- **REQUIREMENT**
Pictures aside, repeat every entry exactly.

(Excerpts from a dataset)
------------------------------------------------------------
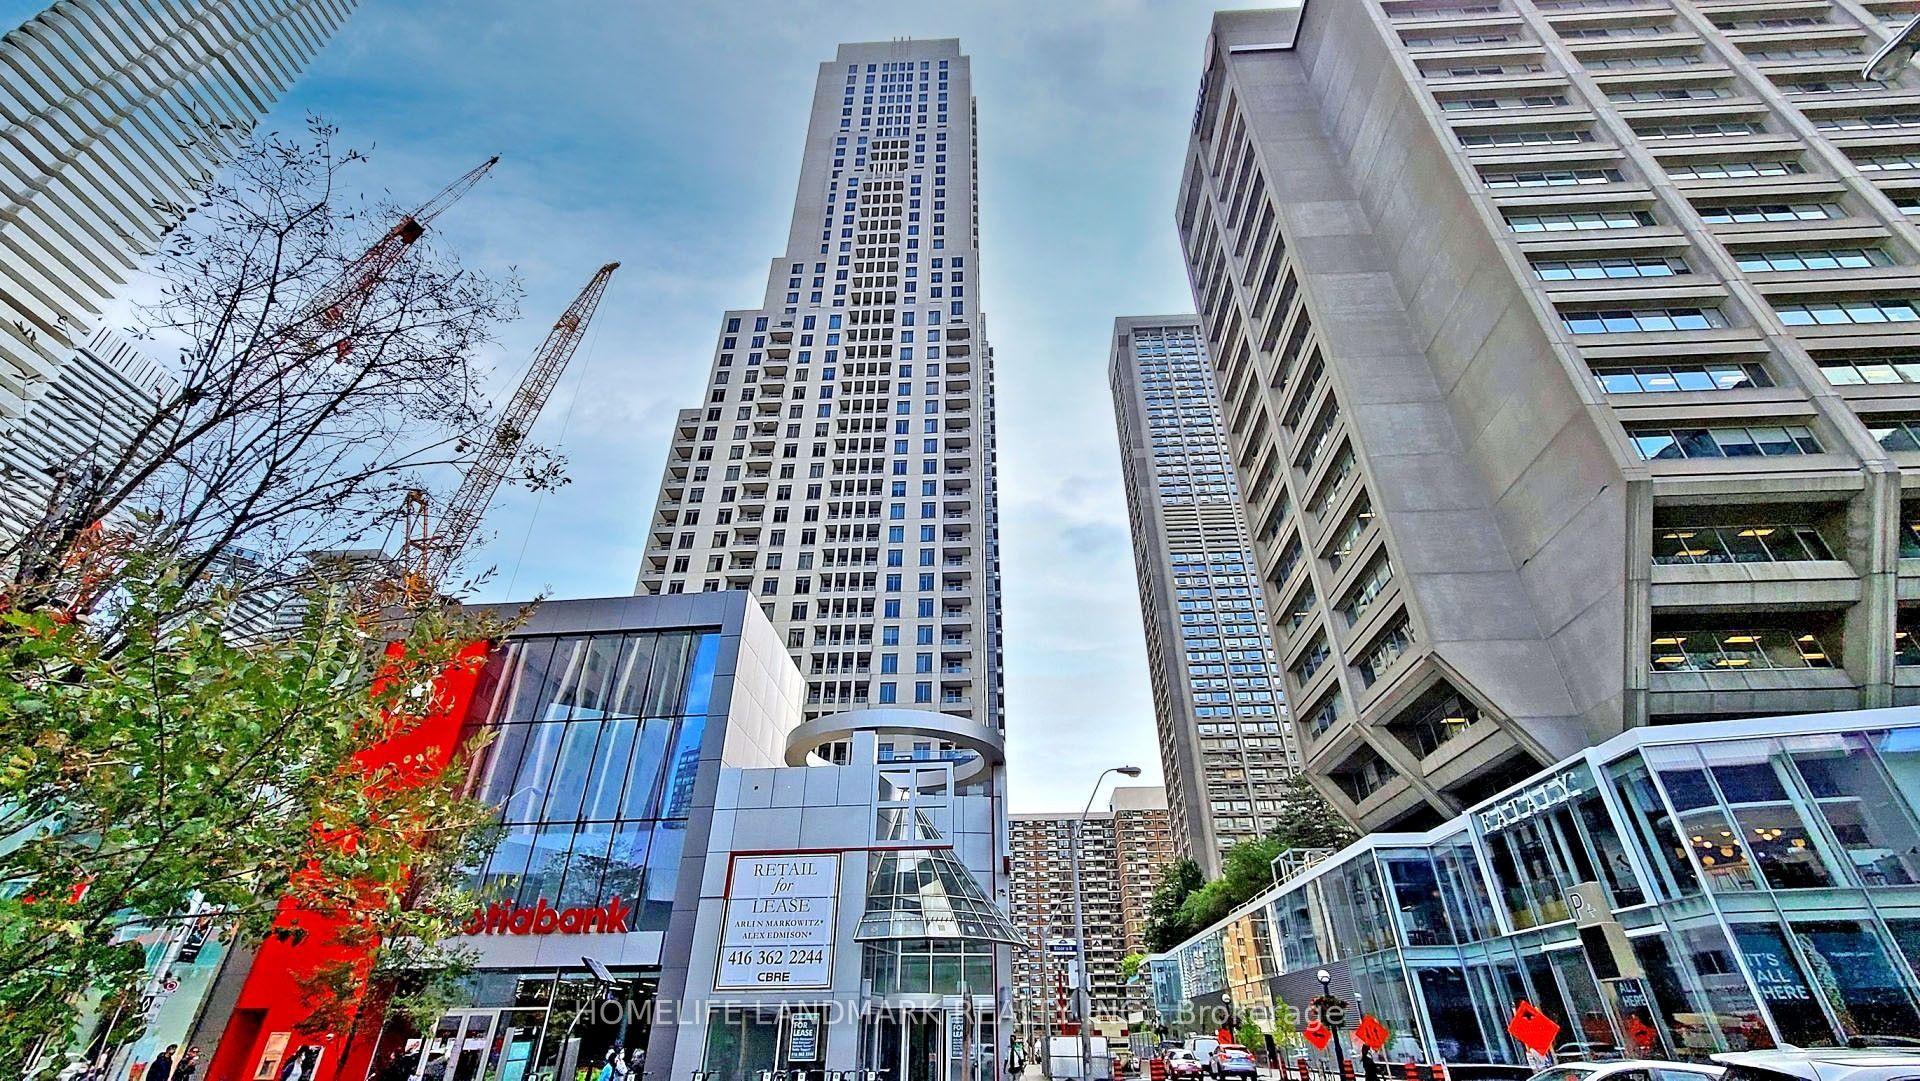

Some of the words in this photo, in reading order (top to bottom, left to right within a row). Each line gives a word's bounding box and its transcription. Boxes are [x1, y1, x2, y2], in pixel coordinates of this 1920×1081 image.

[1479, 771, 1582, 834] EATALY
[753, 862, 818, 877] RETAIL
[771, 877, 794, 896] for
[752, 898, 811, 914] LEASE
[734, 920, 763, 928] ARLIN
[742, 931, 766, 940] ALEX
[728, 950, 752, 966] 416
[756, 950, 783, 966] 362
[788, 949, 823, 965] 2244
[1744, 952, 1780, 967] IT'S
[757, 971, 791, 982] CBRE
[1757, 969, 1791, 983] ALL
[1761, 985, 1810, 1000] HERE
[794, 1021, 808, 1029] FOR
[793, 1029, 813, 1037] LEASE
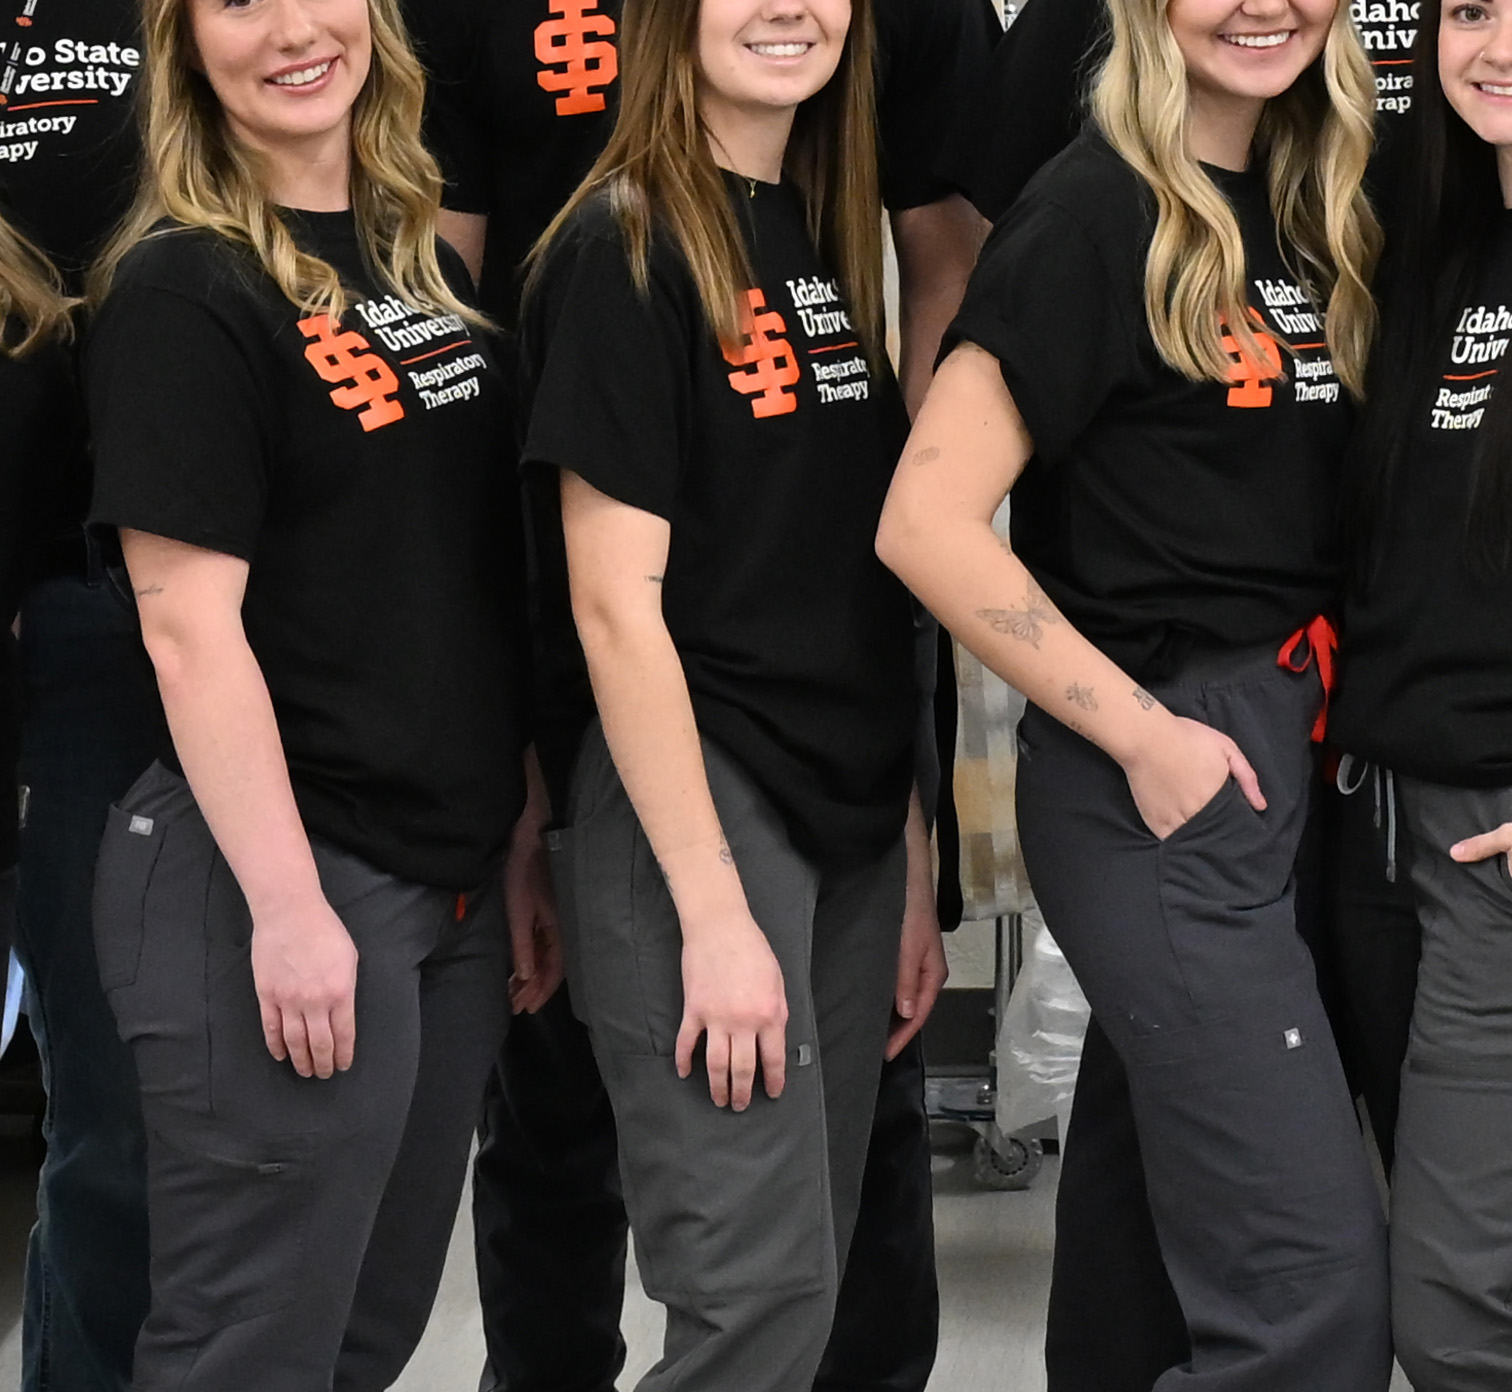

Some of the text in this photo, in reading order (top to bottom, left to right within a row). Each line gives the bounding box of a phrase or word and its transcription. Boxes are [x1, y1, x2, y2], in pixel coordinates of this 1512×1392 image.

[54, 38, 141, 66] State
[355, 294, 419, 329] Idah
[797, 306, 852, 337] Unive
[408, 353, 487, 390] Respiratory
[1294, 356, 1333, 381] Respira
[419, 376, 480, 410] Therapy
[1295, 381, 1340, 403] Therapy
[1435, 384, 1491, 411] Respirat
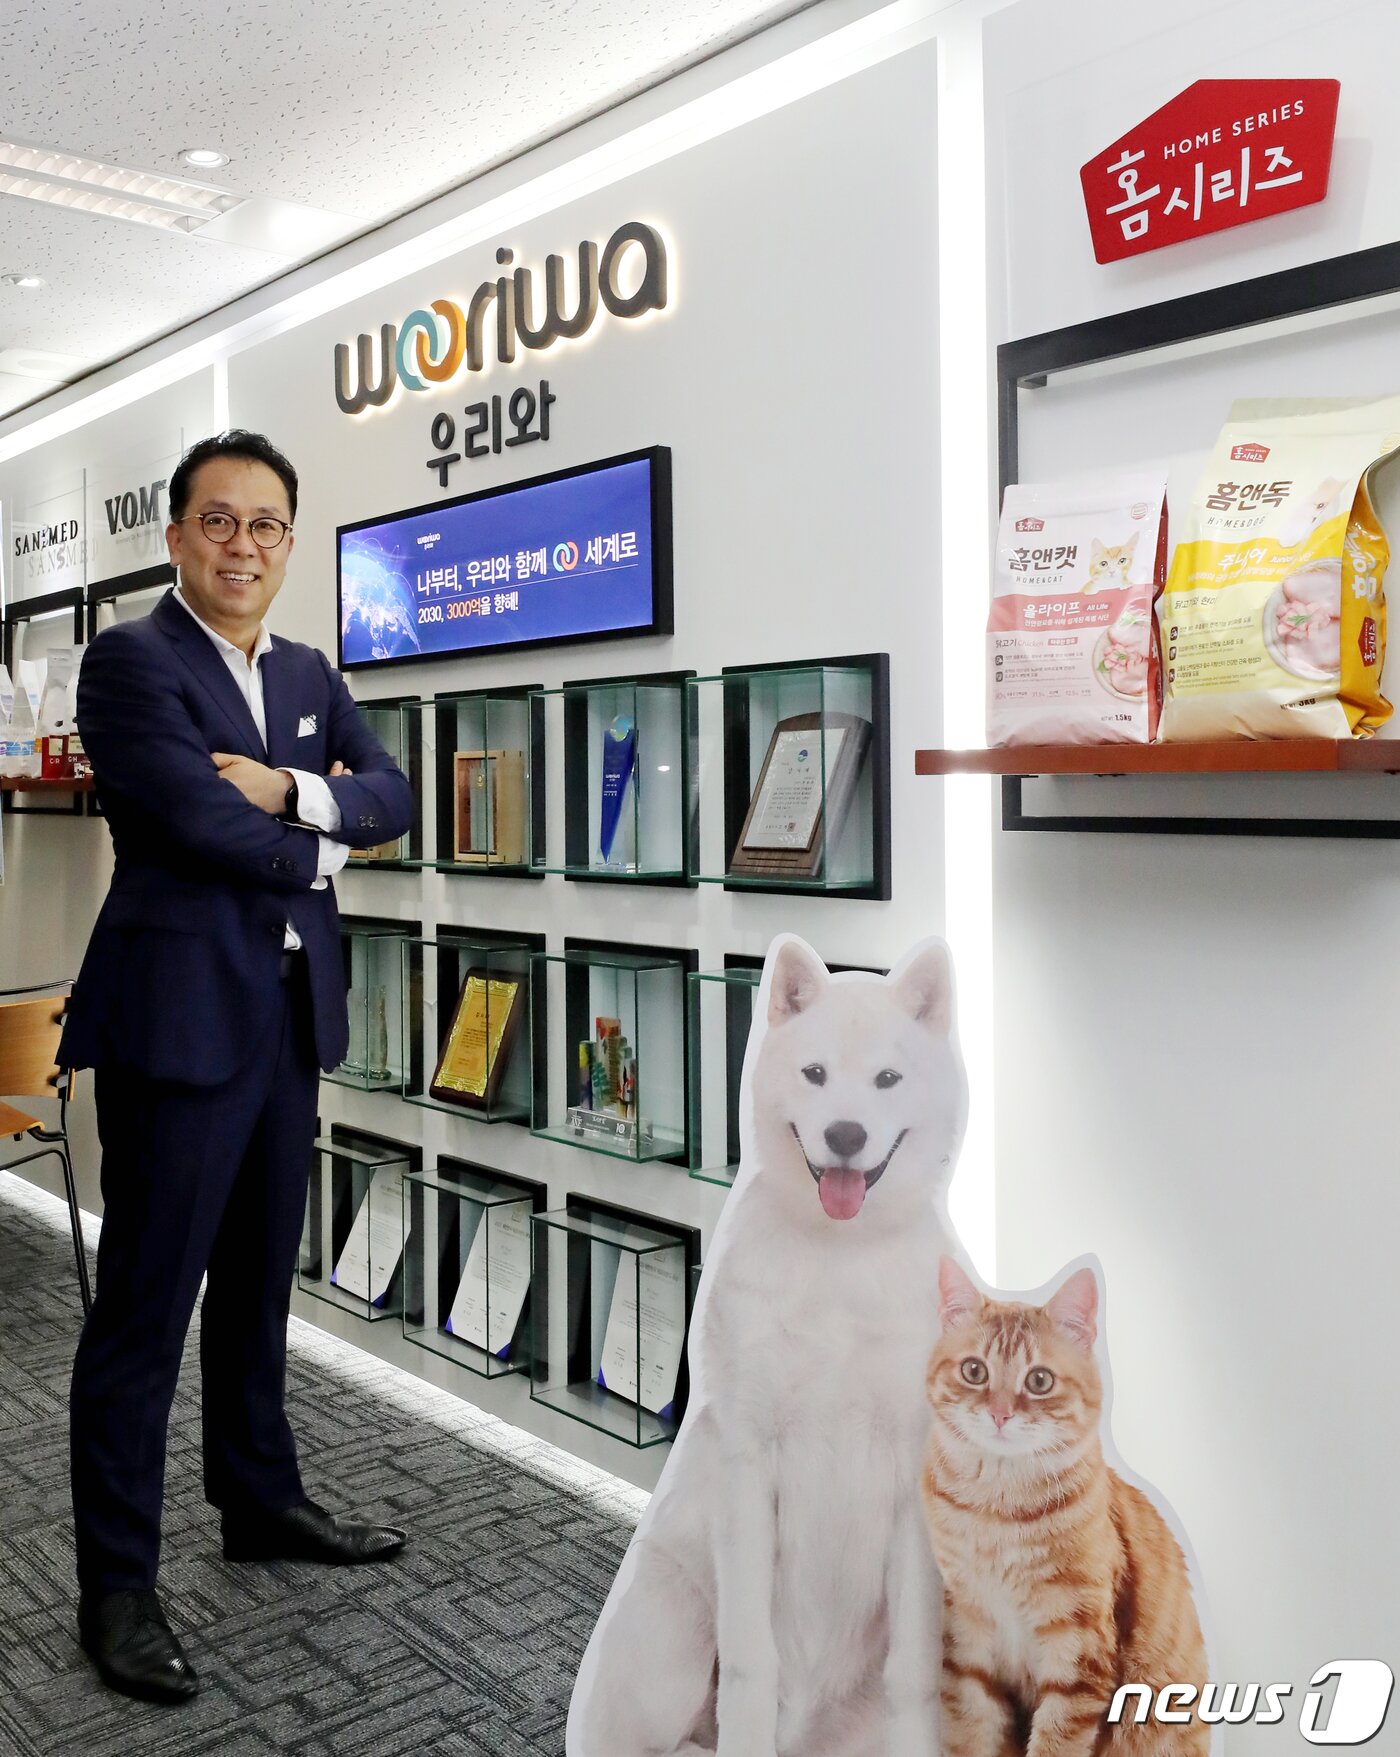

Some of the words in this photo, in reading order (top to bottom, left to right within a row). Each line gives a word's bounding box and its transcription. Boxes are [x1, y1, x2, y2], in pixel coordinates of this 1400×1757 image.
------------------------------------------------------------
- **ANSWER TO THE PROBLEM**
Some of the words in this photo, in reading order (top to bottom, left to right within a row). Each line gives a word's bounding box and its transcription. Boxes are [x1, y1, x2, y2], in pixel coordinates of this 1920×1081 image.

[1479, 771, 1582, 834] EATALY
[753, 862, 818, 877] RETAIL
[771, 877, 794, 896] for
[752, 898, 811, 914] LEASE
[734, 920, 763, 928] ARLIN
[742, 931, 766, 940] ALEX
[728, 950, 752, 966] 416
[756, 950, 783, 966] 362
[788, 949, 823, 965] 2244
[1744, 952, 1780, 967] IT'S
[757, 971, 791, 982] CBRE
[1757, 969, 1791, 983] ALL
[1761, 985, 1810, 1000] HERE
[794, 1021, 808, 1029] FOR
[793, 1029, 813, 1037] LEASE

Some of the text in this photo, in reading order (top to bottom, left to right within a row). Each line gives the bounding box of a phrase or word and its transcription. Boxes are [x1, y1, x2, y2], in pixel coordinates of this 1512×1392 image.

[54, 38, 141, 66] State
[355, 294, 419, 329] Idah
[797, 306, 852, 337] Unive
[408, 353, 487, 390] Respiratory
[1294, 356, 1333, 381] Respira
[419, 376, 480, 410] Therapy
[1295, 381, 1340, 403] Therapy
[1435, 384, 1491, 411] Respirat

Some of the words in this photo, in reading order (top to bottom, left to right within a row). Each line gives a word's bounding box and its transcription. Boxes are [x1, y1, x2, y2], in pixel coordinates of this 1400×1757 image.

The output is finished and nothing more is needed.